Manifestation parallèle de haut niveau – Commission pour la prévention du crime et la justice pénale

Déclaration vidéo de Michelle Bachelet, Haute-Commissaire des Nations Unies aux droits de l’homme

Excellences,

Chers collègues,

Je vous remercie de m’avoir invitée à cet événement.

Procès équitable. Accès égal à la justice. Procédure régulière. Voilà quelques-uns des droits de l’homme fondamentaux qui sont au cœur de la discussion d’aujourd’hui.

Ce sont des droits qui doivent être exercés par tous, sans discrimination.

Pourtant, dans le monde entier, ces droits sont en péril, menacés par des systèmes de justice pénale qui pratiquent la discrimination, le harcèlement et l’intimidation.

Les mécanismes des Nations Unies en matière de droits de l’homme recensent depuis longtemps les inquiétudes relatives aux politiques et pratiques en matière d’application de la loi et du système de justice pénale qui affectent divers groupes de manière disproportionnée, en particulier les minorités raciales et ethniques.

Les données à notre disposition montrent clairement que le profilage racial, le harcèlement, la violence verbale et les abus de pouvoir par les responsables de l’application des lois sont généralisés dans de nombreux pays. Il en va de même pour les mesures discriminatoires d’interpellation et de fouille, les mauvais traitements, les arrestations arbitraires et l’usage excessif de la force, qui peuvent parfois entraîner la mort.

Et trop souvent, ces violations des droits de l’homme s’accompagnent d’une large impunité et d’une absence totale de responsabilité.

Je salue la réaffirmation de l’engagement en faveur de la Déclaration de Doha de 2015 et la forte volonté politique des États à assurer des systèmes de justice pénale efficaces, équitables et responsables. La reconnaissance de la responsabilité des États de faire respecter les droits de l’homme, y compris pour les membres vulnérables de la société qui peuvent être soumis à des formes multiples et aggravées de discrimination, est une avancée importante.

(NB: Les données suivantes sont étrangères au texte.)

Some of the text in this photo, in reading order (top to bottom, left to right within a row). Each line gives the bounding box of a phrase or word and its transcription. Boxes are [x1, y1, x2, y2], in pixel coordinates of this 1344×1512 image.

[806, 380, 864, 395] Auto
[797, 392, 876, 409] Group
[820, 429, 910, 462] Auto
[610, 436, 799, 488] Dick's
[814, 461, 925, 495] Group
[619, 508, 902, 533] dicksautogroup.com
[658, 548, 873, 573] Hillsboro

Par la déclaration de Doha, les États s’engagent également à intensifier leurs efforts nationaux et internationaux pour éliminer toutes les formes de discrimination, dont le racisme. La Déclaration de Kyoto de 2021 a réaffirmé l’engagement à « garantir l’égalité d’accès à la justice et l’application de la loi pour tous et toutes [...] indépendamment de leur statut, notamment en prenant des mesures appropriées pour veiller à ce que les institutions de justice pénale traitent chacun et chacune avec respect et sans discrimination ni préjugé de quelque nature que ce soit ».

Les États se doivent de respecter ces engagements.

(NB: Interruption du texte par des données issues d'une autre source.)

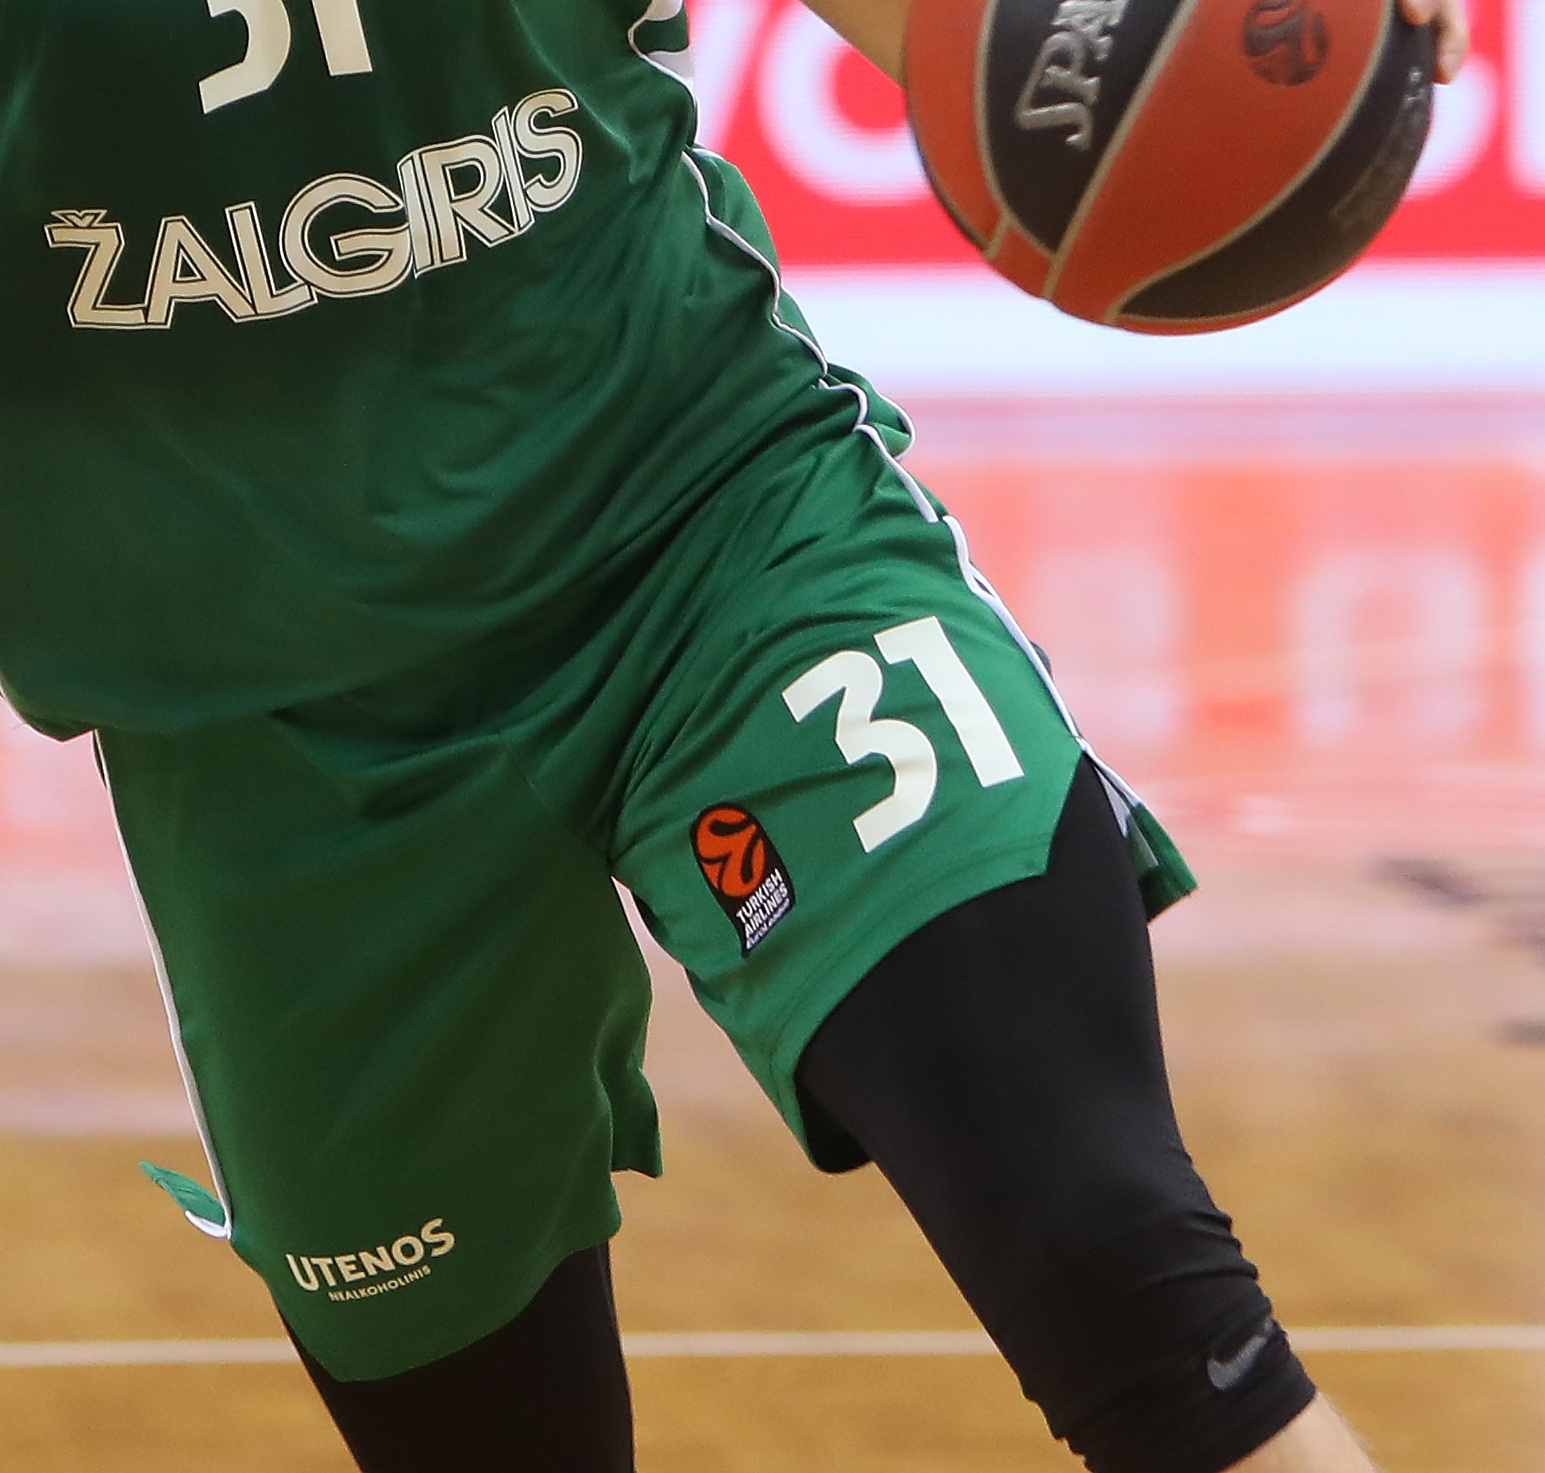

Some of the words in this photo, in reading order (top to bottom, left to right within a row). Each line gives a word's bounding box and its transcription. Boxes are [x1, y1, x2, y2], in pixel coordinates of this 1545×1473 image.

[44, 88, 585, 330] ŽALGIRIS
[781, 615, 1026, 854] 31
[735, 867, 784, 924] TURKISH
[744, 882, 789, 939] AIRLINES
[285, 1218, 456, 1292] UTENOS

Certains États ont pris des mesures encourageantes pour lutter contre le racisme et la discrimination raciale dans le système de justice pénale. Toutefois, des efforts supplémentaires sont nécessaires à tous les niveaux pour parvenir à la justice raciale et à l’égalité pour tous.

Excellences,

Comme nous le savons, le meurtre brutal de George Floyd en 2020 a suscité une indignation mondiale, déclenchant une vague de protestations et attirant l’attention sur la question du racisme systémique à l’encontre des personnes d’ascendance africaine, tant à l’intérieur qu’à l’extérieur du système de justice pénale.

Au mois de juin de l’année dernière, j’ai présenté un rapport au Conseil des droits de l’homme sur le racisme systémique et les violations du droit international des droits de l’homme commises par les forces de l’ordre contre des Africains et des personnes d’ascendance africaine. Au-delà de la justice pénale, le rapport met également en lumière une litanie de violations des droits économiques, sociaux, culturels, civils et politiques dont sont victimes quotidiennement les personnes d’ascendance africaine dans le monde entier, violations qui trouvent leur origine dans l’histoire et l’héritage de l’esclavage, de la traite transatlantique des Africains réduits en esclavage et du colonialisme.

Le Programme de transformation pour la justice et l’égalité raciales, mentionné dans le rapport, définit 20 recommandations pratiques fournissant un plan d’action pour réaliser de véritables progrès.

Il est ancré dans les obligations des États en vertu des traités internationaux relatifs aux droits de l’homme et de leurs engagements politiques.

Il s’appuie également sur le vécu des personnes d’ascendance africaine. Derrière les données et les rapports se cachent les visages et la vie quotidienne de personnes et de familles.

Des personnes et des familles qui souffrent de discrimination, de marginalisation et d’exclusion dans de nombreux États. Leurs expériences sont façonnées par des héritages historiques, aggravés par des cycles d’inégalités structurelles qui durent depuis des générations.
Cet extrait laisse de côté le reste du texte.